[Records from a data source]
*** Begin section ***

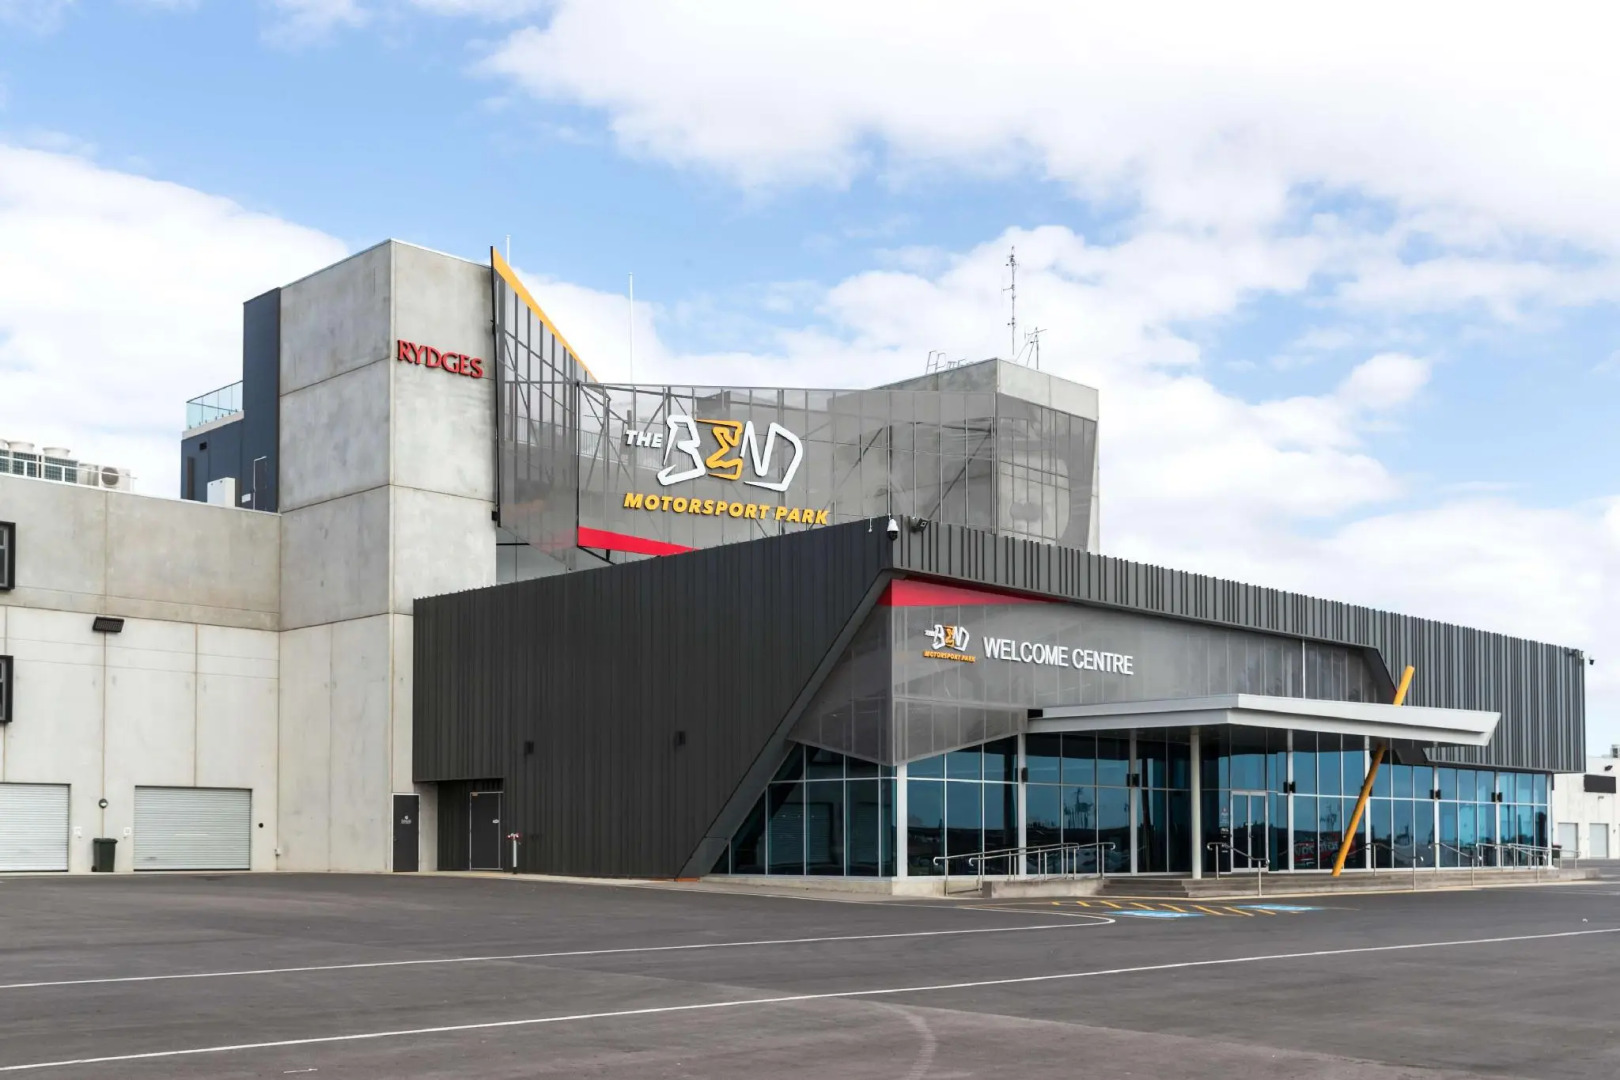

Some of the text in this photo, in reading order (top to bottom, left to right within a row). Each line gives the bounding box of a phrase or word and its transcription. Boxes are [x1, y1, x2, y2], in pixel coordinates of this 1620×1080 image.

[397, 339, 483, 379] RYDGES
[625, 414, 804, 493] THE BEND
[623, 493, 829, 526] MOTORSPORT PARK
[982, 636, 1134, 676] WELCOME CENTRE

*** End section ***

What to produce -
The answer should consist of all the records, duplicated exactly, with no images included.

Completed exercise -
Some of the text in this photo, in reading order (top to bottom, left to right within a row). Each line gives the bounding box of a phrase or word and its transcription. Boxes are [x1, y1, x2, y2], in pixel coordinates of this 1620×1080 image.

[397, 339, 483, 379] RYDGES
[625, 414, 804, 493] THE BEND
[623, 493, 829, 526] MOTORSPORT PARK
[982, 636, 1134, 676] WELCOME CENTRE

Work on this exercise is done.